══ Records to process ══

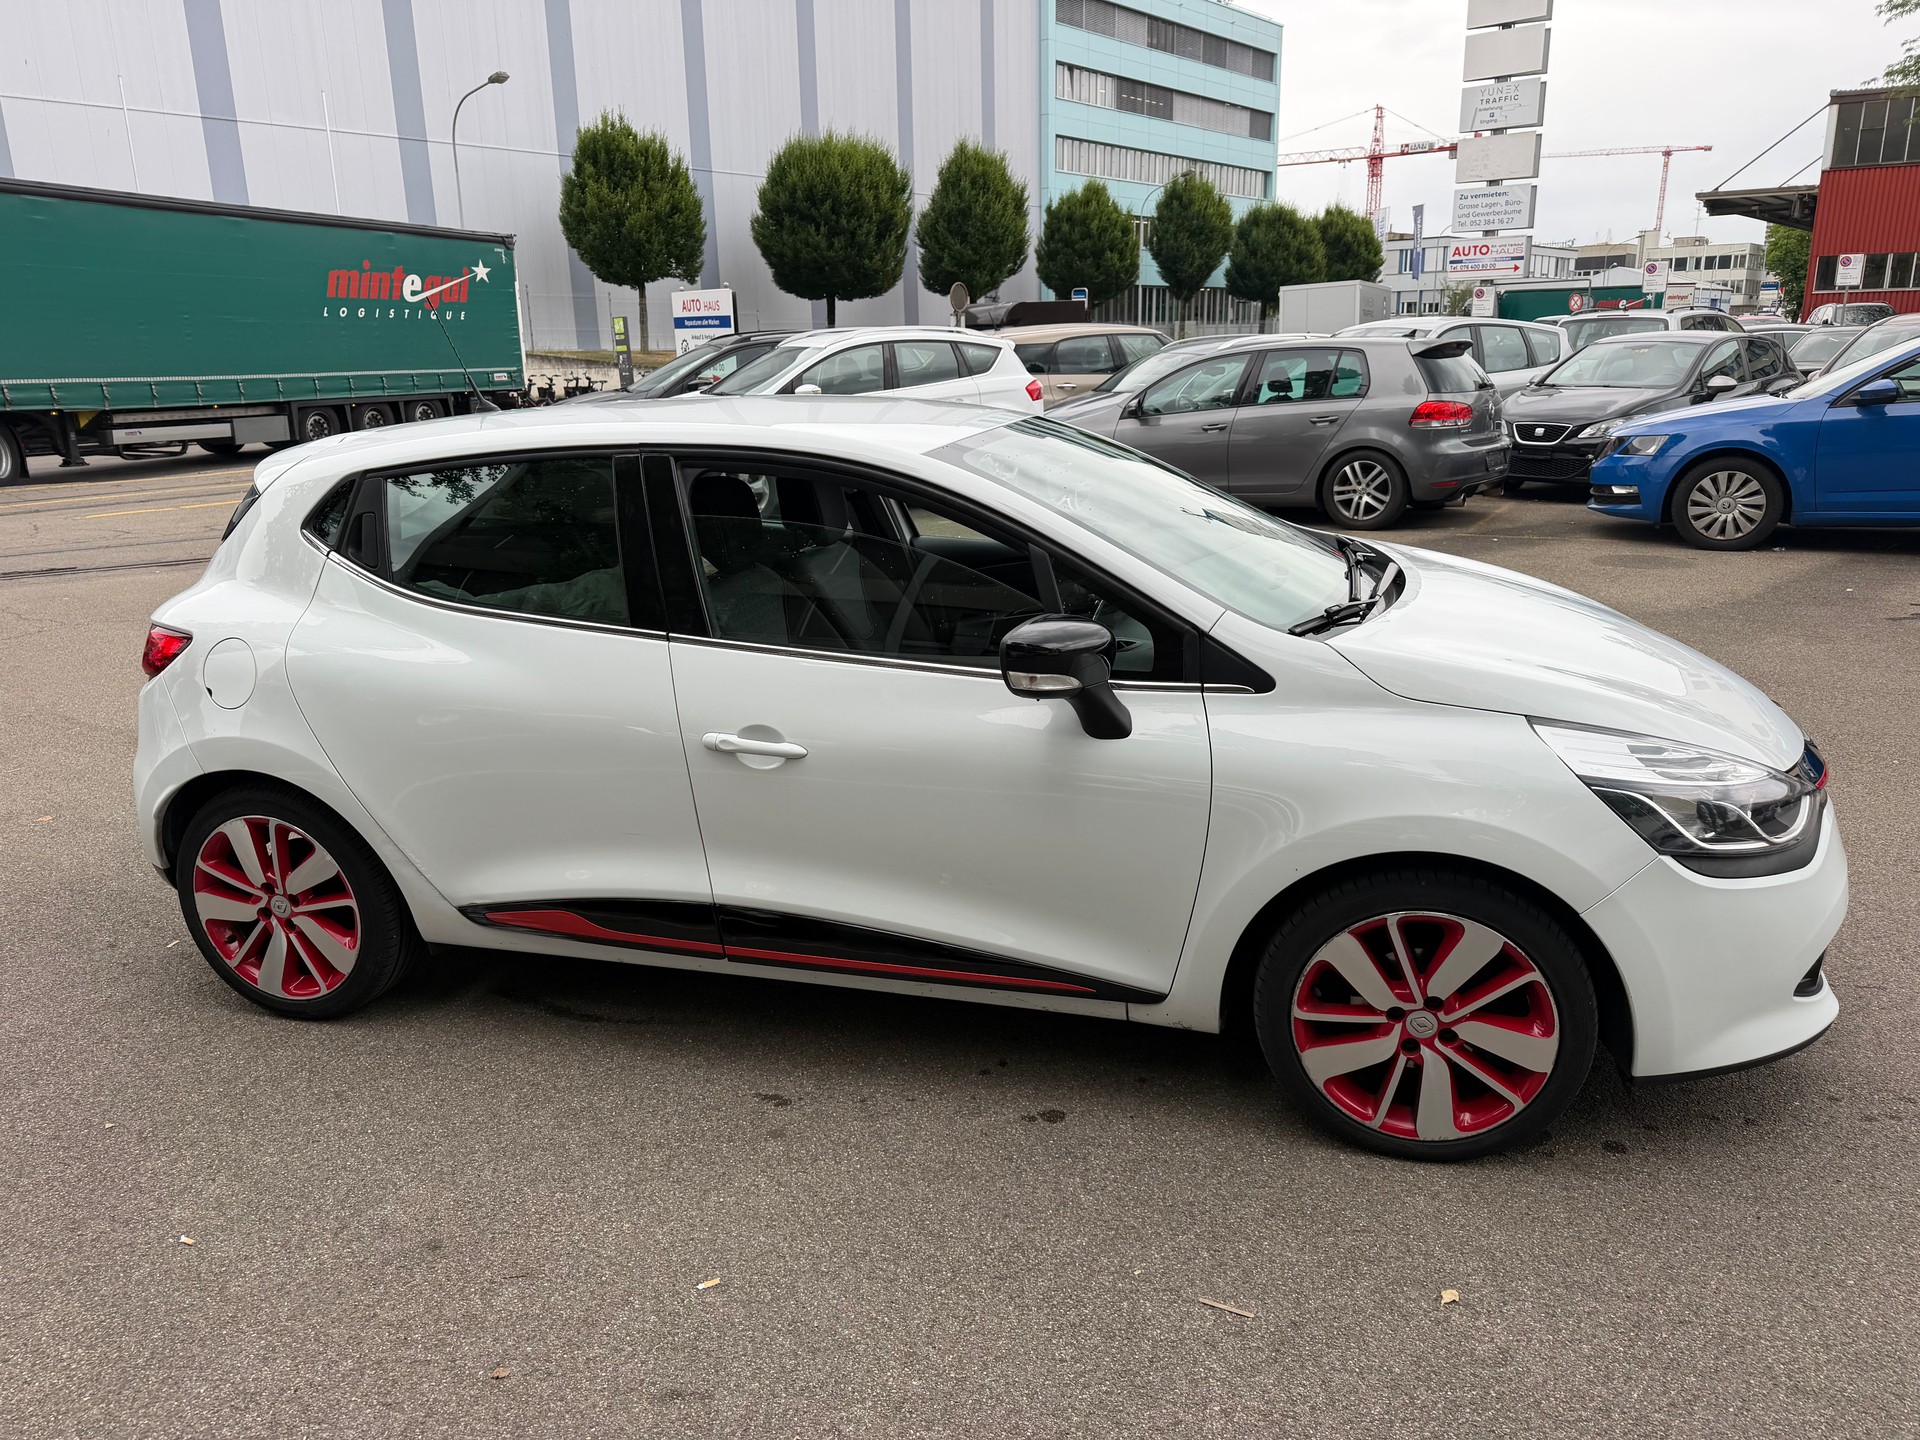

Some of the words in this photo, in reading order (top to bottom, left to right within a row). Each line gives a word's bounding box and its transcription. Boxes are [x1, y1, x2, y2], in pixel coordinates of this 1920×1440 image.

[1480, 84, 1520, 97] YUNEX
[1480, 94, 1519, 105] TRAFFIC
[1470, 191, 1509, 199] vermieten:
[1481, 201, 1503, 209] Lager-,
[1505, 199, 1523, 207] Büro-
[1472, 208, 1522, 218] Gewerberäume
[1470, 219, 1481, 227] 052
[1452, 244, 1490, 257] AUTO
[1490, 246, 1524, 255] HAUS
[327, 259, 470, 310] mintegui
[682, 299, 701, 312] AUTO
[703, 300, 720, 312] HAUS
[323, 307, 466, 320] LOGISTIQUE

═══

▶ [Task objective] Please set down the records above verbatim, with each picture left out.

▶ [Solution for this problem]
Some of the words in this photo, in reading order (top to bottom, left to right within a row). Each line gives a word's bounding box and its transcription. Boxes are [x1, y1, x2, y2], in pixel coordinates of this 1920×1440 image.

[1480, 84, 1520, 97] YUNEX
[1480, 94, 1519, 105] TRAFFIC
[1470, 191, 1509, 199] vermieten:
[1481, 201, 1503, 209] Lager-,
[1505, 199, 1523, 207] Büro-
[1472, 208, 1522, 218] Gewerberäume
[1470, 219, 1481, 227] 052
[1452, 244, 1490, 257] AUTO
[1490, 246, 1524, 255] HAUS
[327, 259, 470, 310] mintegui
[682, 299, 701, 312] AUTO
[703, 300, 720, 312] HAUS
[323, 307, 466, 320] LOGISTIQUE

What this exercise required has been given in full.